United States District Court, W.D. Tennessee, Western Division

June 12, 2017

TAVIUS BOLDEN, Plaintiff,
v.
KELLOGG'S, Defendant.

          ORDER

          SAMUEL H. MAYS, JR. UNITED STATES DISTRICT JUDGE.

         Before the Court is the Magistrate Judge's Report and Recommendation, dated May 25, 2017 (the “Report”). (ECF No. 33.) The Report recommends that the Court grant the Motion for Summary Judgment (the “Motion”) filed by Defendant Kellogg Company (“Kellogg's”) on February 7, 2017 (ECF No. 30). On June 8, 2017, Plaintiff Tavius Bolden filed his “Objections to Magistrate Report and Recommendation” (the “Objections”). (ECF No. 34.) Kellogg's responded to Bolden's Objections on June 9, 2017. (ECF No. 35.)

         For the following reasons, the Report is ADOPTED and Kellogg's Motion is GRANTED.

         I. Background

         On September 11, 2015, Bolden filed his pro se Complaint against Kellogg's, asserting sex discrimination and retaliation under Title VII of the Civil Rights Act of 1964 (“Title VII”), 42 U.S.C. §§ 2000e, et seq.

         On February 7, 2017, Kellogg's filed the pending Motion seeking dismissal of the action. Bolden did not respond to or otherwise oppose the Motion.

         On May 25, 2017, the Magistrate Judge entered the Report.
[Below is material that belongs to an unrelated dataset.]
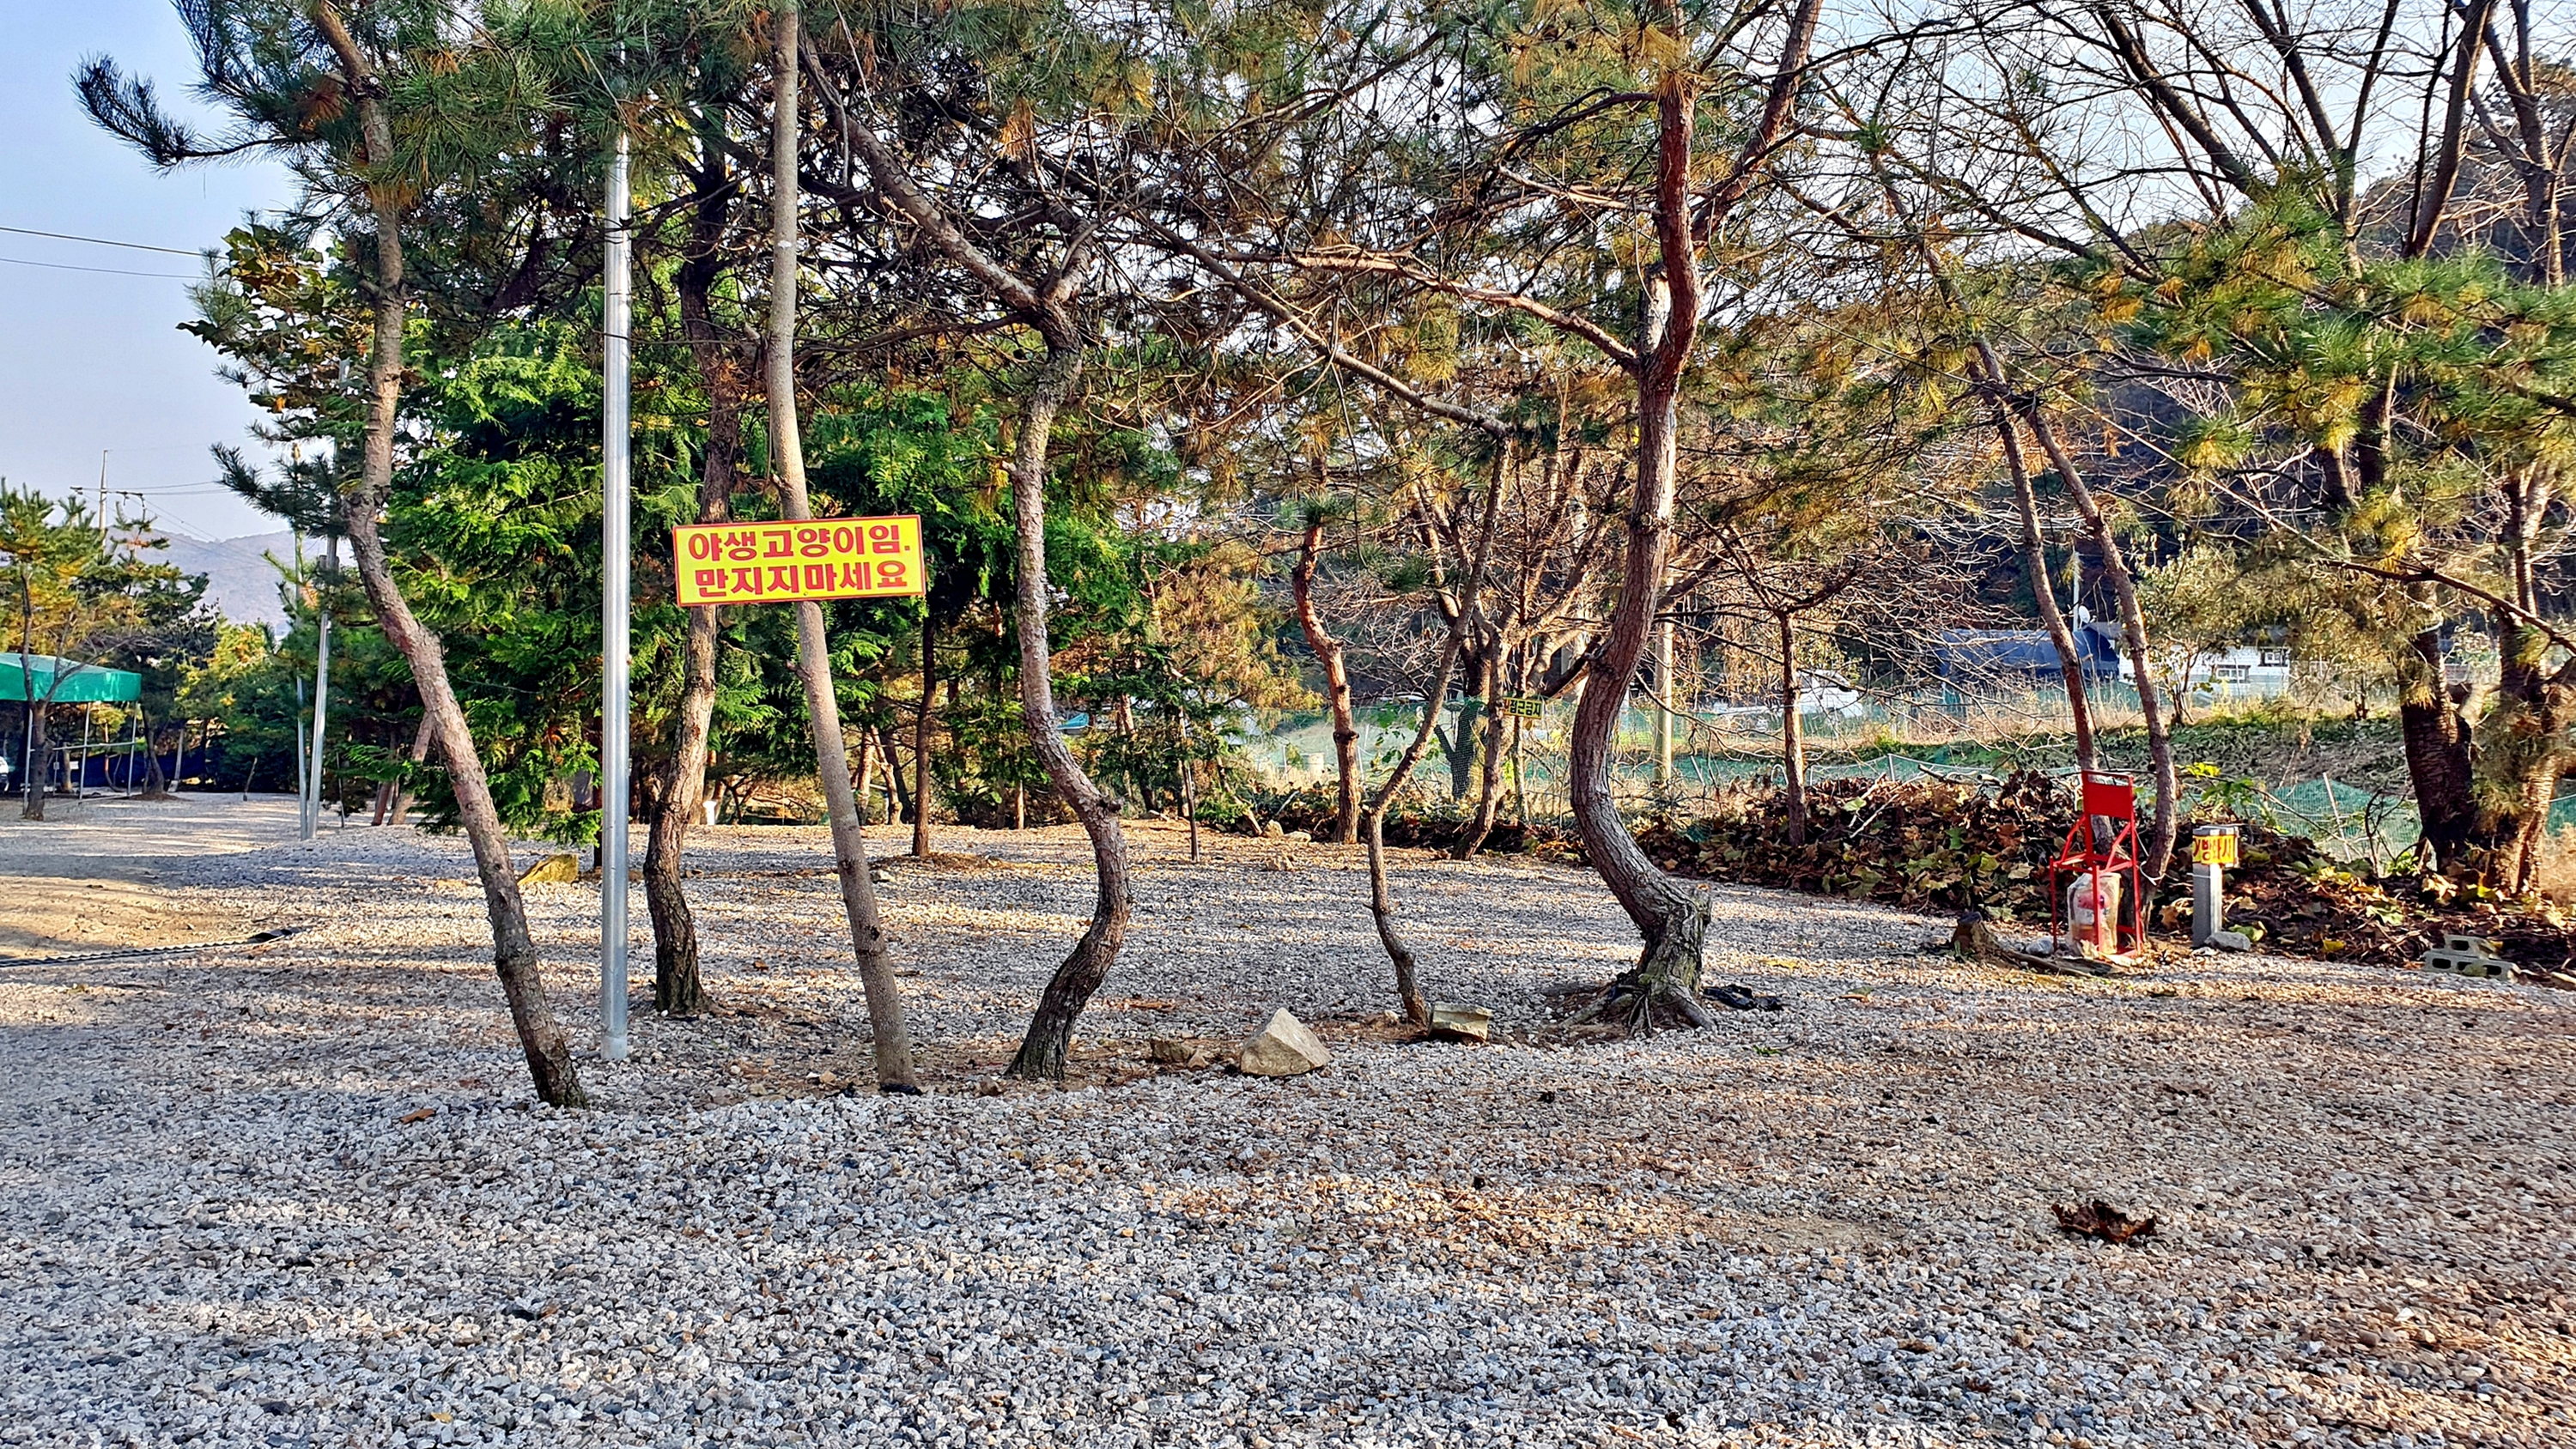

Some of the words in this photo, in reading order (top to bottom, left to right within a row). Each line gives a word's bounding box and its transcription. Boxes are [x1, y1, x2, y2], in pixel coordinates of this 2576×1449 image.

Because Bolden had failed to respond to Kellogg's Motion, including Kellogg's Statement of Undisputed Material Facts in support of that motion (“Kellogg's Statement of Facts”), pursuant to Local Rule 56.1(d), the Magistrate Judge considered Kellogg's Statement of Facts undisputed for purposes of the Motion. (ECF No. 33 at 5.)

         Addressing Bolden's claim for hostile-work-environment sexual harassment, the Magistrate Judge found that Bolden had failed to establish a genuine issue of material fact as to three elements: (a) that he was subjected to unwelcome sexual harassment, (b) that the harassment created a hostile work environment, and (c) that the employer failed to take reasonable care to prevent or correct any sexually harassing behavior. (Id. at 5-8.)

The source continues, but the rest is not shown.